● **TASK STATEMENT**: When you copy the entries, match them exactly and omit the pictures.

● **EXTRACTED ENTRIES**:
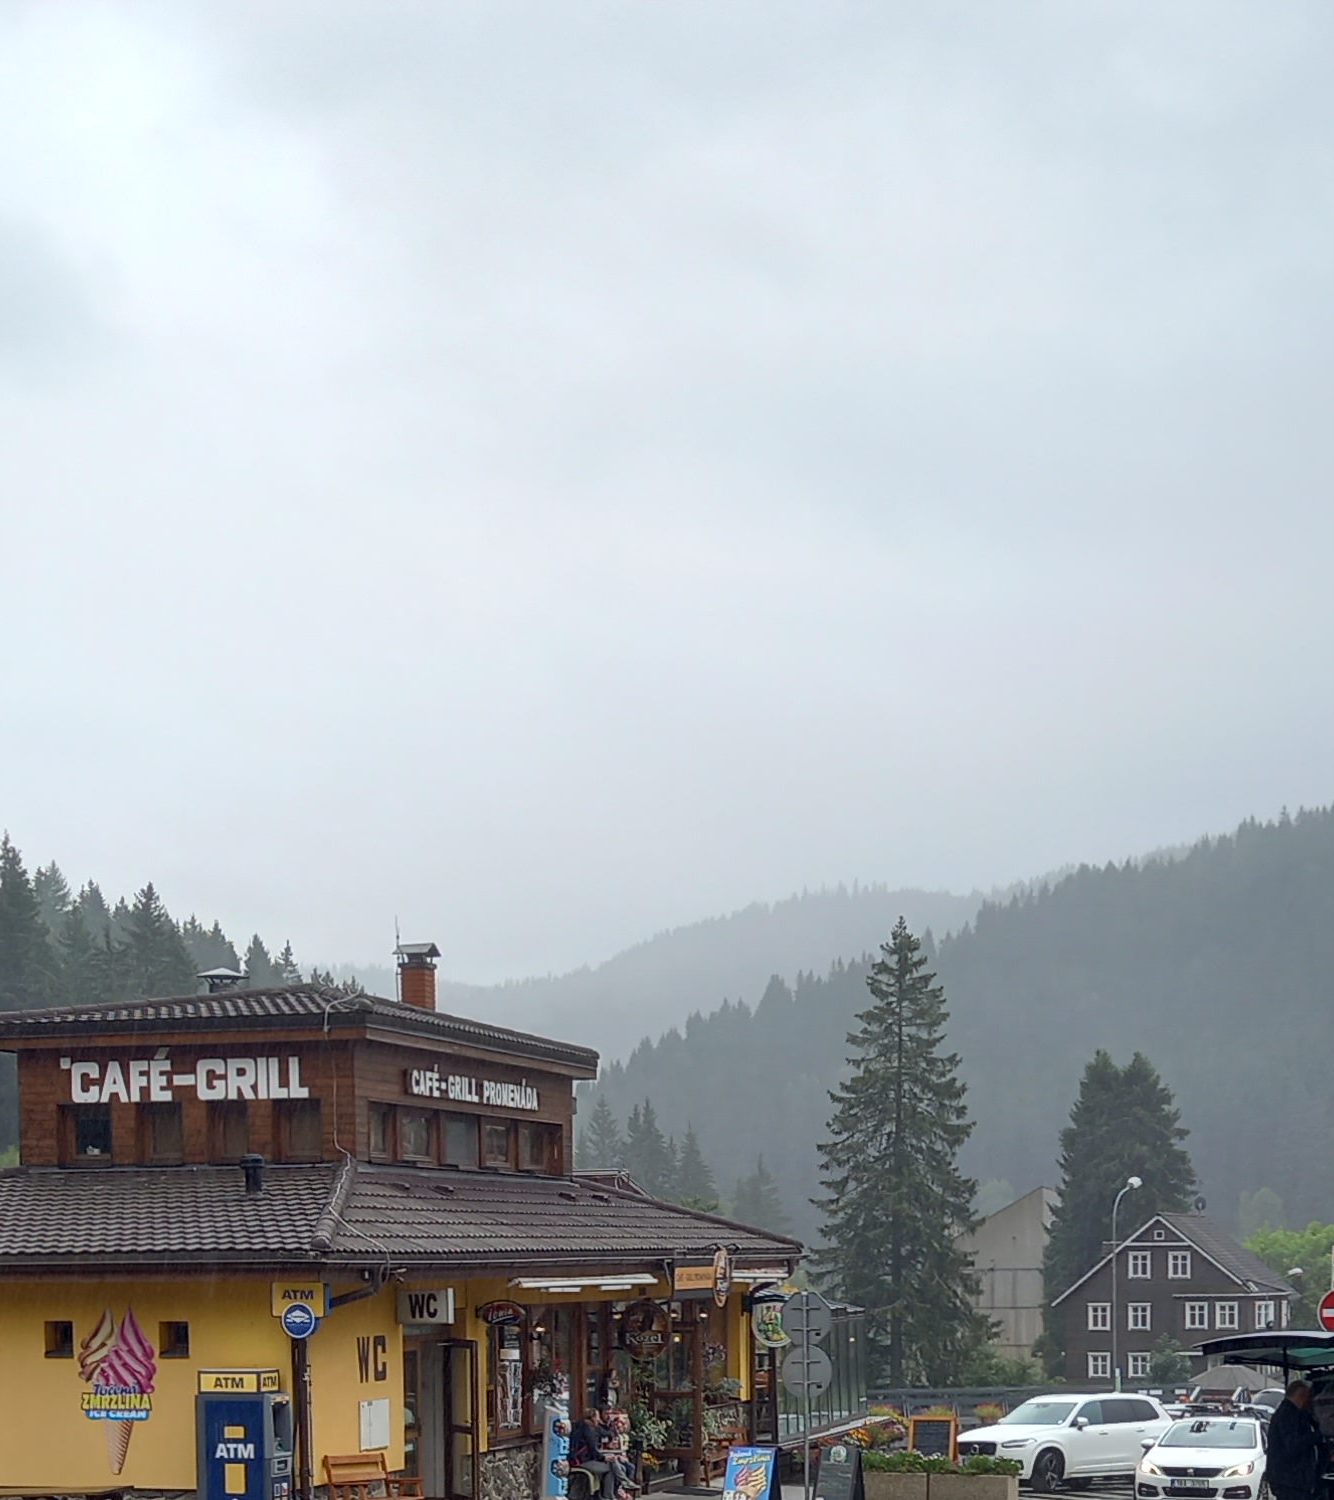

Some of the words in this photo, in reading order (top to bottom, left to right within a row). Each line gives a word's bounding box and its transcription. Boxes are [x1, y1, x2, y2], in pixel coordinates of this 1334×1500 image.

[482, 1078, 540, 1111] PROMENÁDA
[281, 1289, 314, 1301] ATM
[408, 1293, 438, 1319] WC
[625, 1332, 665, 1345] Kozel
[356, 1334, 387, 1384] WC
[213, 1377, 245, 1390] ATM
[262, 1375, 277, 1388] ATM
[81, 1393, 152, 1410] ZMRZLINA
[89, 1410, 107, 1418] ICE
[108, 1410, 147, 1419] CREAM
[215, 1443, 255, 1459] ATM

● **YOUR RESPONSE**:
Some of the words in this photo, in reading order (top to bottom, left to right within a row). Each line gives a word's bounding box and its transcription. Boxes are [x1, y1, x2, y2], in pixel coordinates of this 1334×1500 image.

[482, 1078, 540, 1111] PROMENÁDA
[281, 1289, 314, 1301] ATM
[408, 1293, 438, 1319] WC
[625, 1332, 665, 1345] Kozel
[356, 1334, 387, 1384] WC
[213, 1377, 245, 1390] ATM
[262, 1375, 277, 1388] ATM
[81, 1393, 152, 1410] ZMRZLINA
[89, 1410, 107, 1418] ICE
[108, 1410, 147, 1419] CREAM
[215, 1443, 255, 1459] ATM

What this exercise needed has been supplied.